Spring came and the mayor could not decide whether the swimming pool should be opened or remain closed.  People spoke for it and against it.  The letters to the editor of the local newspaper were evenly divided on the subject.  Then something happened that determined it for everyone.  The summer began very warm, and already in early June, there were new cases of polio.  There were children who became ill and also some adults.  One of them was the mayor’s son.  The pool would be closed!

It was too late for some, of course.  Before July 4th of that hot summer, several families had children come down with the cramps and muscle weakness.  There was shock through the whole town when the Shultheiss family, living on the east side of town, had their two children in the hospital and their mother as well!  The father was almost beside himself.  He was sure their whole house was infected with the polio germ.  He would no longer live there, he said.  He moved some belongings out of the house and asked the fire department to come and burn down his house!  It happened on a sunny Monday at the end of July.  There was a large fire just east of the Cumber Lumber Company.  While the house burned, many people stood at a distance to watch.  Some just shook their heads and walked away.  Some cried.  The newspaper didn’t make much of it.  It just described it as a “controlled burn” and did not even show a picture of the house. 

For Limpy, the worst was yet to come.  He survived the illness.  Ervin and Susan, his brother and sister, did not catch it nor did his father.  But then there was his mother.  It happened quickly.  It was early August, and she had been in the vegetable field, but came home late in the morning with a headache and stomach cramps.  She did not make a meal that noon nor did she say much to anyone in the family.  She went straight to an upstairs bedroom, pulled the shades and opened a window for a little breeze.  “I’ll just take a good, long rest,” she told herself.  She knew what was to come.  She called for her husband Eldor, and he gave her a sponge bath to cool and refresh her body.  But her breathing was labored and she felt stiff all over.  She rested that day and through the night.  Early the next morning, she died in bed.    

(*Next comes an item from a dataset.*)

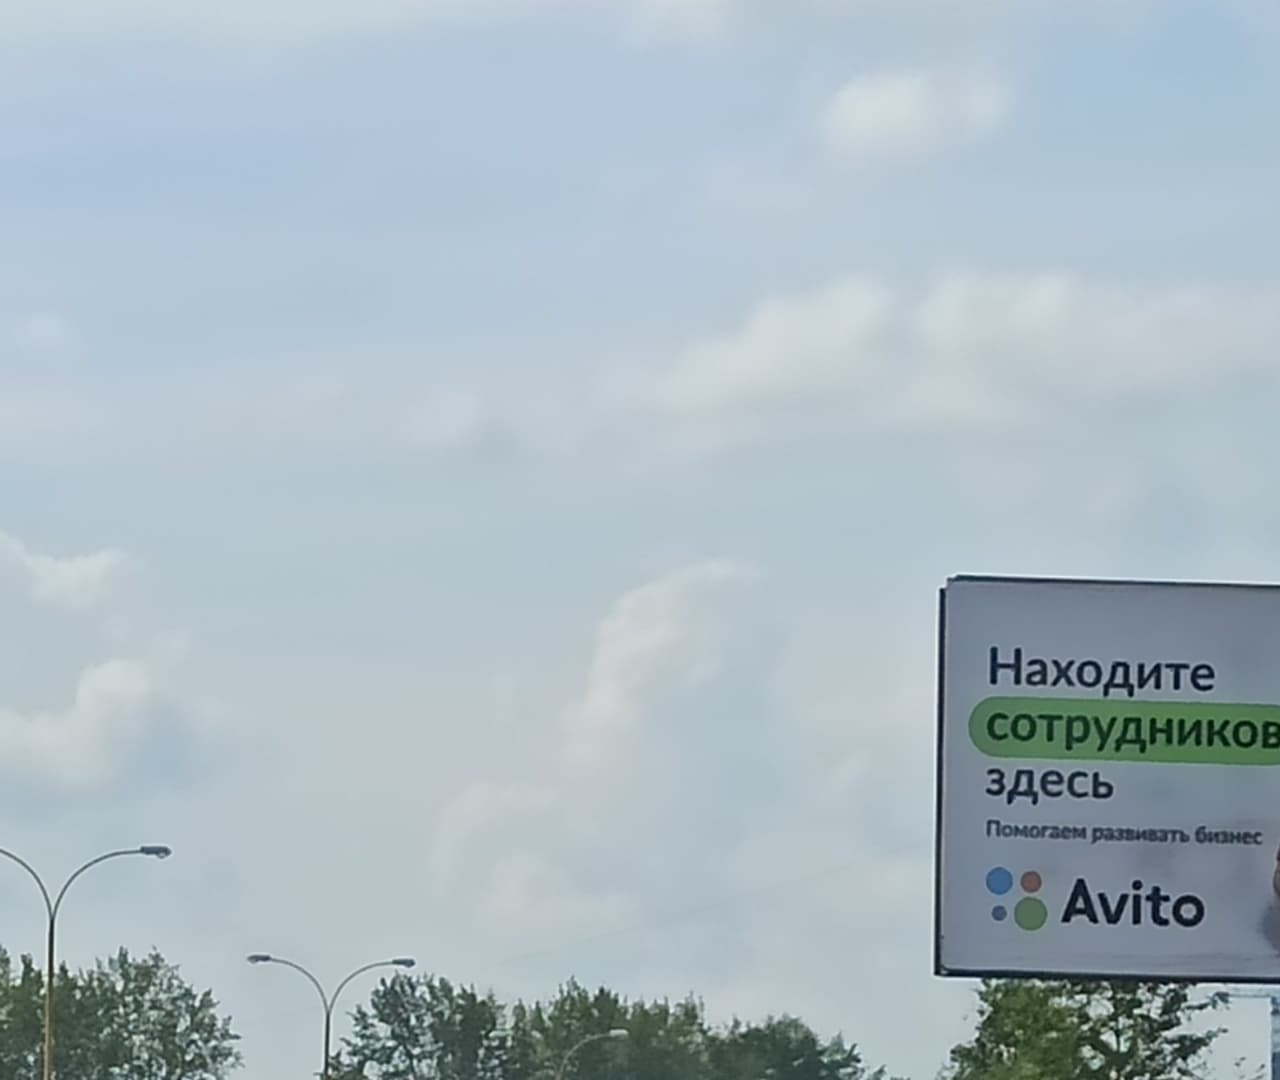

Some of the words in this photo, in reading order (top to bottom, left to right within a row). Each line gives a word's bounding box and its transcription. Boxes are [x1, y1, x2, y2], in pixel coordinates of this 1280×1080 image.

Limpy and his family were struck dumb!  Wasn’t it enough that one of them should carry the marks of polio for the rest of his life?  Wasn’t it enough that children all through the town were suffering?  Why should mothers now catch the disease also?  There were not many at the funeral.  They were afraid of the disease.  When Limpy made his way to his mother’s casket and stood there, he was determined!  He was determined that he was not going to let any little germ of a disease ruin his life forever.  He was determined that he was not going to feel sorry for himself.  He was determined to do the work around the house that his mother had done and care for the kitchen.  His determination encouraged the rest of the family and it made life bearable for him. 

Kenny graduated from high school that coming spring.  He had started dating a girl who was also in the senior class.  She was one of those who did not mind when he put his arm on her shoulder.  They laughed about it now.  They were married.  Kenny also found work outside the farm and vegetable garden.  He applied for a position as a custodian at a small bank in town.  Before long he was doing similar work at another bank on the far end of Main Street.  He was not fast in his work, but he was careful.  His mother had taught him that.  Everyone appreciated his thoroughness.  When they entered the banks to do business, people of the town who knew him looked for him.  “How are you doing?” they would often ask.  As usual, he would answer with a smile, “I’m still limping along!” 

Kenneth and his wife raised a family there in that small town, two girls and a boy.  He worked as bank custodian until he was 64.  When the local newspaper, some years later, gave the notice of his death, the heading said more than many would ever know.  It read, “Kenneth (Limpy) Lamprey, age 75.”